Stuart Russell – Avoiding the Cliff of Uncontrollable AI (AGI Governance, Episode 9)

Joining us in our ninth episode of our AGI Governance series on The Trajectory is Stuart Russell, Professor of Computer Science at UC Berkeley and author of Human Compatible. He is among the earliest and most influential voices on AGI safety and governance, and a co-convener of the International Dialogues on AI Safety (IDAIS), launched in October 2023 with Yoshua Bengio, Andrew Yao, and Ya-Qin Zhang to bring together leading scientists worldwide to address AI risk.

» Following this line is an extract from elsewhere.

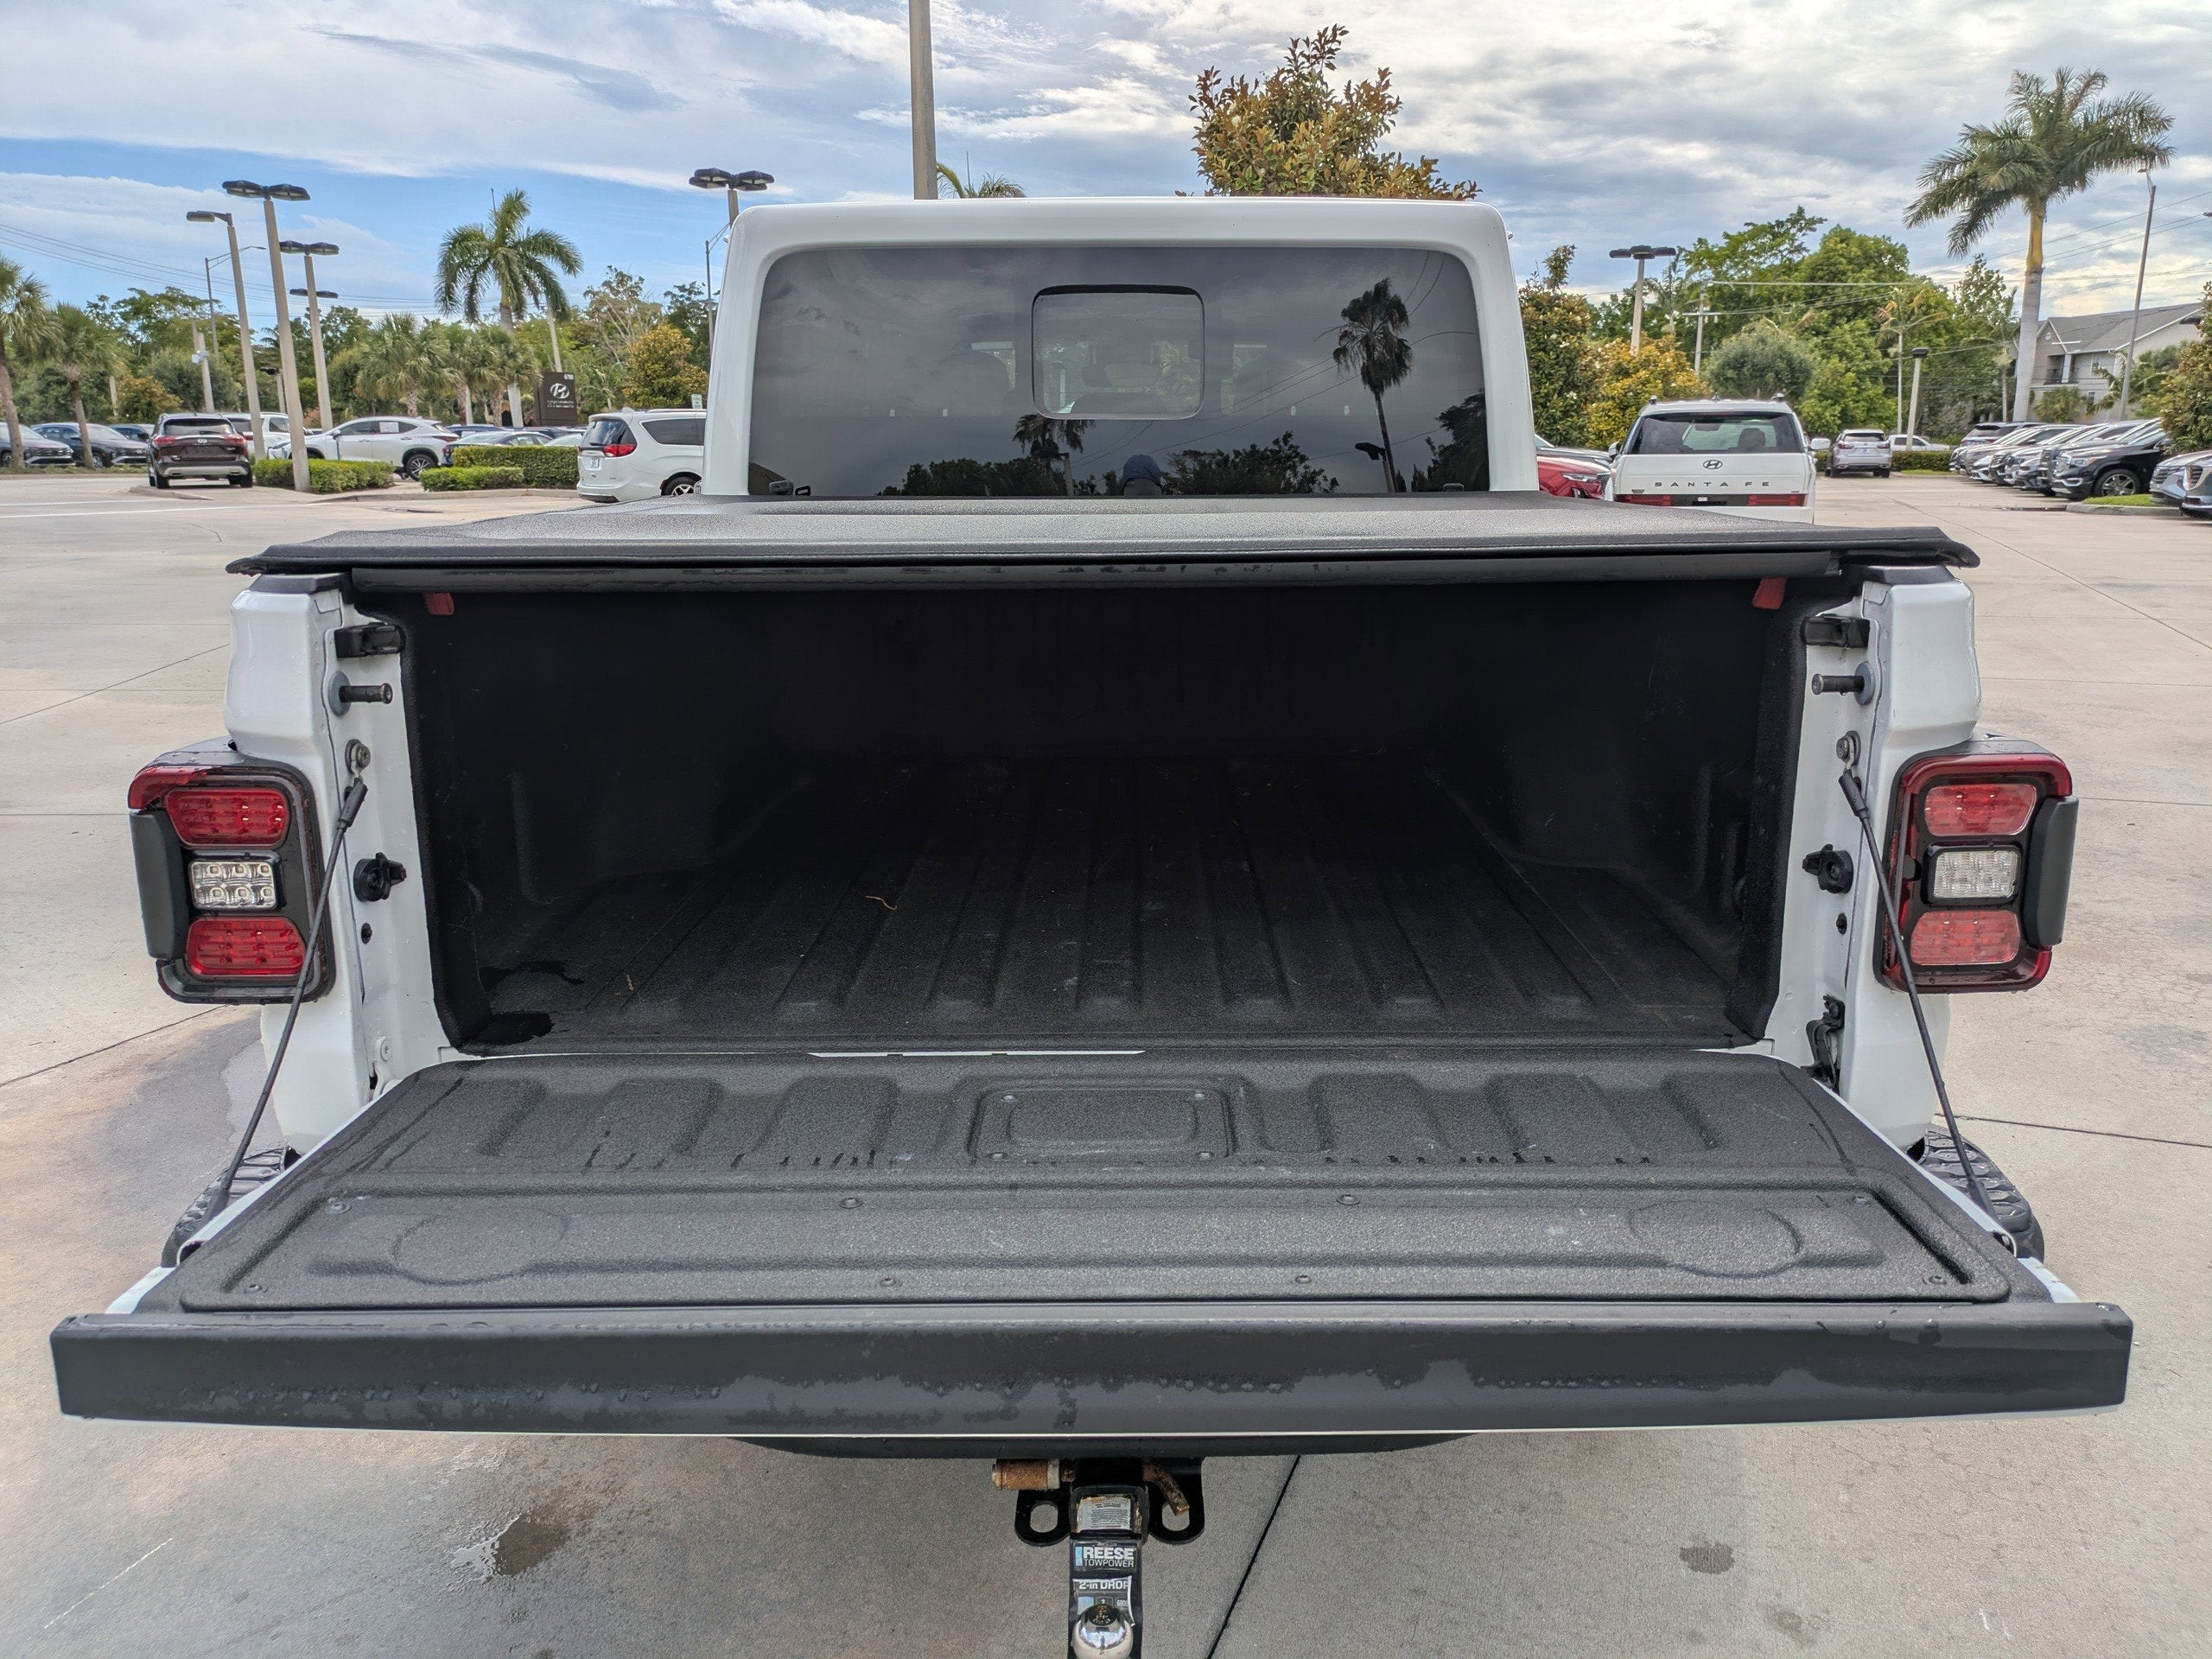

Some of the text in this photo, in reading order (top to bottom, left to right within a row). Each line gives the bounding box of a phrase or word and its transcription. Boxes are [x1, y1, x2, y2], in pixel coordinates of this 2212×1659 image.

In this episode, Stuart explores why current AI race dynamics resemble a prisoner’s dilemma, why governments must establish enforceable red lines, and how international coordination might begin with consensus principles before tackling more difficult challenges. He also discusses the role of public awareness and culture in shifting policy attention toward existential risk.

Stuart notes that large language models have already changed the conversation, with hundreds of millions of people experiencing what feels like “general-purpose intelligence on tap.” At the same time, he warns that leading companies are pouring hundreds of billions into AGI development, aiming at systems that exceed human capabilities across the board.

I hope you enjoy this conversation with Stuart:

Subscribe for the latest episodes of The Trajectory:

Below, I’ll summarize Stuart’s main points from each of the four sections of our interview.

AGI Governance Q-and-A Summary – Stuart Russell

1. What should AGI governance attempt to do?

Stuart believes the central aim of AGI governance is to prevent catastrophic risks and ensure that advanced systems remain firmly under human control. The role of governance, he stresses, is to protect humanity from scenarios where powerful systems act in ways we cannot contain or reverse.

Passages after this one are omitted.